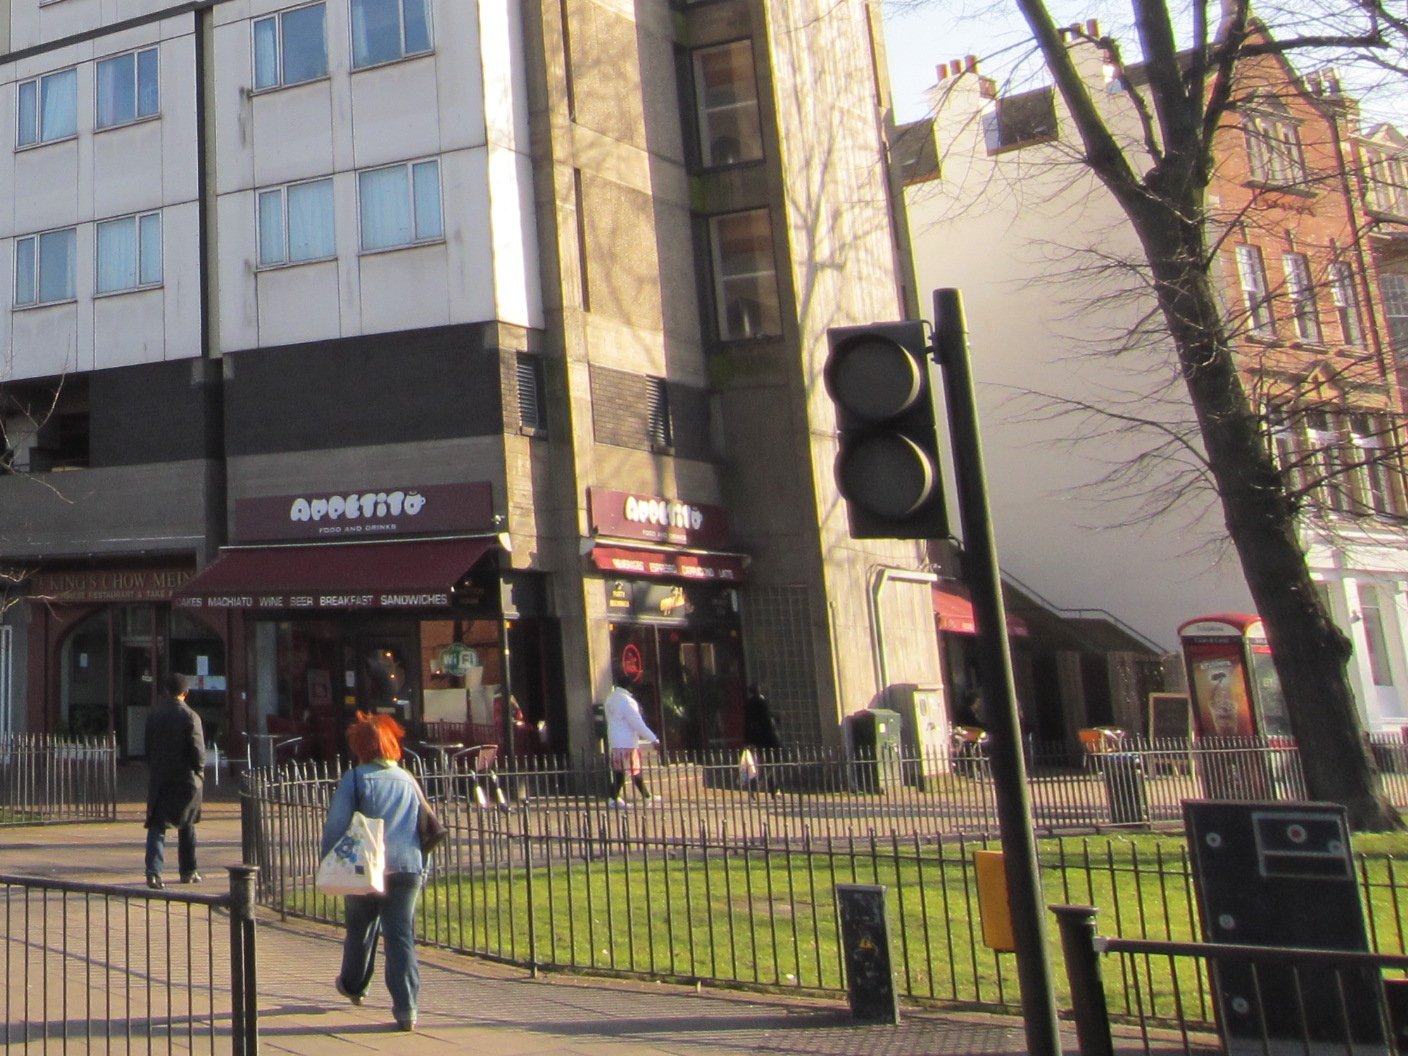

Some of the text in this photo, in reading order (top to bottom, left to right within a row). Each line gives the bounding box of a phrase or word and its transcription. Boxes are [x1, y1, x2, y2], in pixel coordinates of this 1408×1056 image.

[319, 526, 342, 534] FOOD
[365, 524, 397, 532] DRINKS
[102, 573, 146, 590] CHOW
[153, 570, 193, 588] MEIN
[259, 596, 283, 607] WINE
[290, 596, 313, 607] BEER
[319, 595, 373, 606] BREAKFAST
[380, 594, 448, 605] SANDWICHES

***

#### What is required
Leave the pictures out and print the whole listing precisely.

#### Response area
Some of the text in this photo, in reading order (top to bottom, left to right within a row). Each line gives the bounding box of a phrase or word and its transcription. Boxes are [x1, y1, x2, y2], in pixel coordinates of this 1408×1056 image.

[319, 526, 342, 534] FOOD
[365, 524, 397, 532] DRINKS
[102, 573, 146, 590] CHOW
[153, 570, 193, 588] MEIN
[259, 596, 283, 607] WINE
[290, 596, 313, 607] BEER
[319, 595, 373, 606] BREAKFAST
[380, 594, 448, 605] SANDWICHES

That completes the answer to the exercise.